Because of a vicious circle involving tribalism, herding, excessive certainty, overconfidence, self-serving bias, our ideological nature, our propensity for confirming what we already believe as well as our general inability to see that which disconfirms it, and social proof, exacerbated by incessant noise (literal and figurative), this presentism is exceedingly hard to escape. In our lives and world, the relentless now may not be all that matters, but it matters far more than it should.
As Keri Russell’s character, Russian spy Elizabeth Jennings, in television’s best show, The Americans, told her teenaged daughter in the season three finale, after admitting that she had lied to her for her entire life, “Everybody lies, Paige — it’s a part of life. But we’re telling each other the truth now. That’s what’s important.” Elizabeth cannot dwell on her blood-soaked past or focus on the doomsday clock that counts down toward her future. She merely wants, as best she can, to get through today. Carpe diem indeed.
Among the places this presentism manifests itself is in our planning for the future. The problem begins with what Kahneman calls the “planning fallacy.” Our ability to control the future is extremely limited and is far more limited than we want to believe. It is our tendency to underestimate the time, costs, and risks of future actions and at the same time overestimate the benefits thereof. It is at least partly why we underestimate the likelihood of bad results. It is why we think it will not take us as long to accomplish something as it does. It is why projects tend to cost more than we expect. It is why the results we achieve are not as good as we expect. It is why I end up taking three separate trips to Home Depot on Saturdays and all day to finish household chores that “should” take 30 minutes.
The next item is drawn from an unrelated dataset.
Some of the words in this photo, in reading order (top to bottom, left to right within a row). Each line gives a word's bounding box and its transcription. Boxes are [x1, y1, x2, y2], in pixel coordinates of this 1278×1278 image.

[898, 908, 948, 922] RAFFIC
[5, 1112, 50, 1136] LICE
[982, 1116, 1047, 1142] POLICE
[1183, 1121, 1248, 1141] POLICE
As Adam Gopnik sagely pointed out in The New Yorker, “nothing works out as planned,” and “everything has unintentional consequences.” Indeed, “the best argument for reading history is not that it will show us the right thing to do in one case or the other, but rather that it will show us why even doing the right thing rarely works out.” In essence, then, what history generally “teaches” is how hard it is for anyone to control it, including the people who think they are making it.
There is much more to it than that, of course. Truly long-term thinking is difficult because the long-term feels light years away in the moment. To a greater or lesser extent, we all worship at the Church of What’s Happening Now, putting aside insufficient funds for future needs, kicking the can down a very short, dead end road.
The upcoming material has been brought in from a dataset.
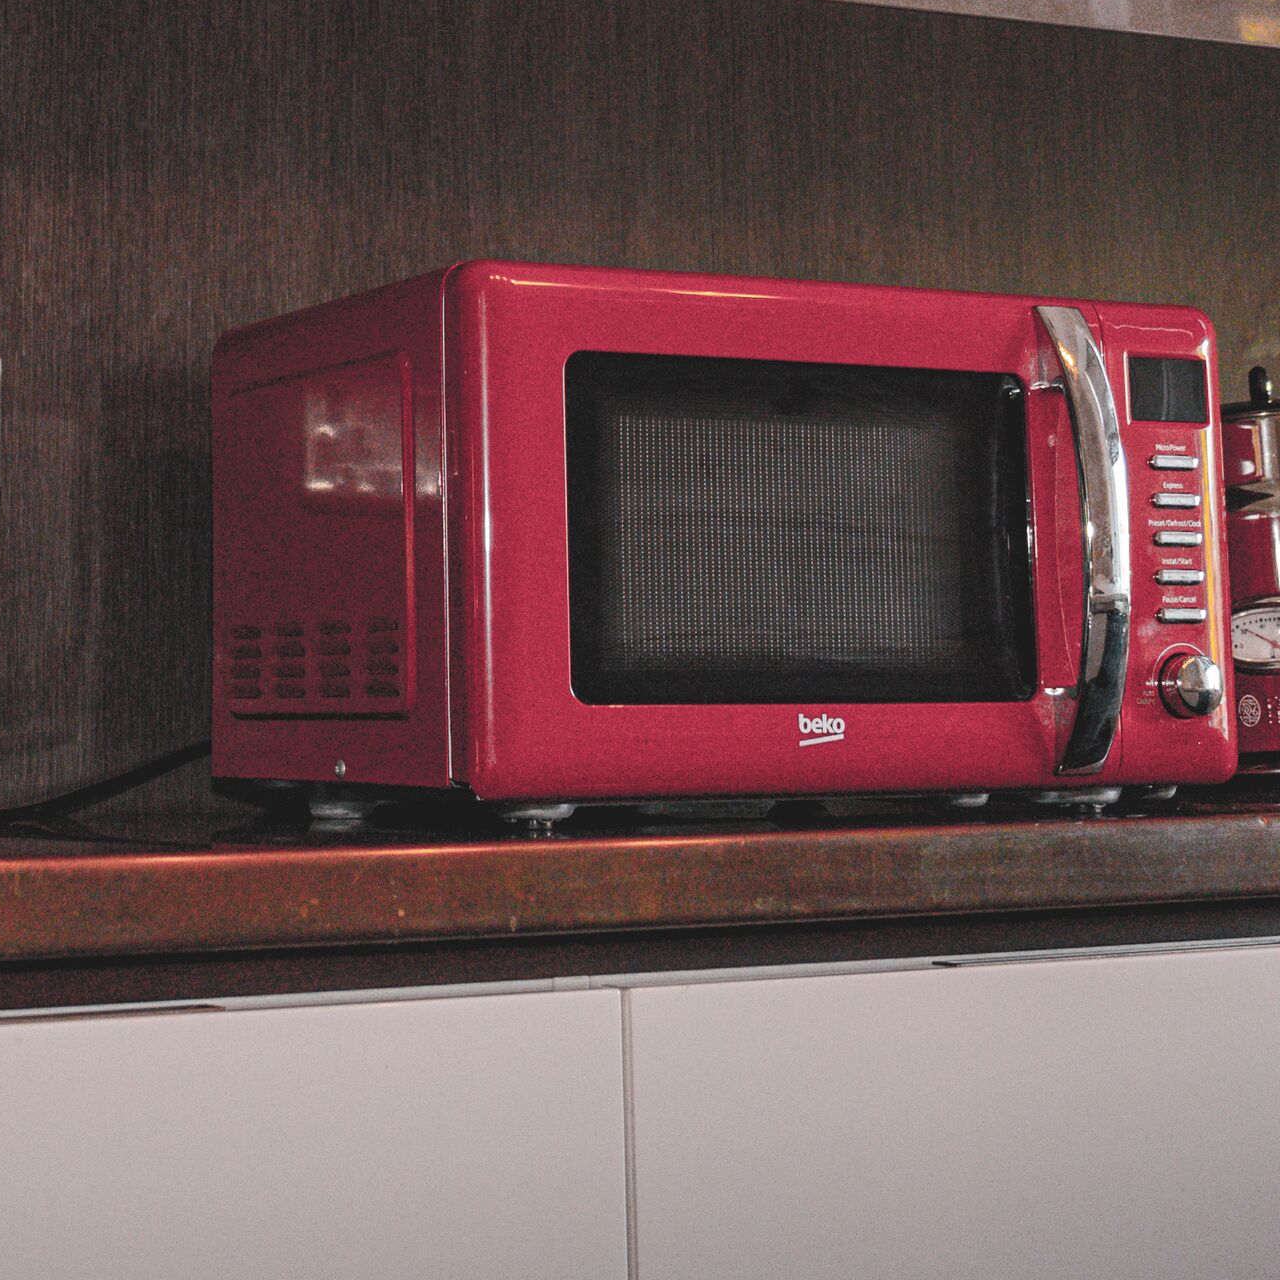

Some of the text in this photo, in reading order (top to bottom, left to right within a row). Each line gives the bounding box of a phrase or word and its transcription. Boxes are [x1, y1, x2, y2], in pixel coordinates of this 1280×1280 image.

With respect to our financial lives, we refuse to “dig deep.” Instead, as Flip Wilson recognizes, we are “fast on the lip and tight on the hip.” As with Reverend Leroy’s congregation, we need sufficient motivation and reasons to put more money into our “future” basket. We are all too ready to “Let it crawl.”
Many in our economy and in our world are dedicated to taking advantage of this broad tendency. Instant pleasures – both small and large, relatively innocent to catastrophic – surround us and are broadcast around us day and night.
It is remarkable how many of the problems we face in investing, financial planning and in life generally are attributable to our willingness, eagerness even, to think we have “got a good reason for taking the easy way out.” We pick what is easy, what is expedient, what pleases right now rather than what is best overall and for the long-term.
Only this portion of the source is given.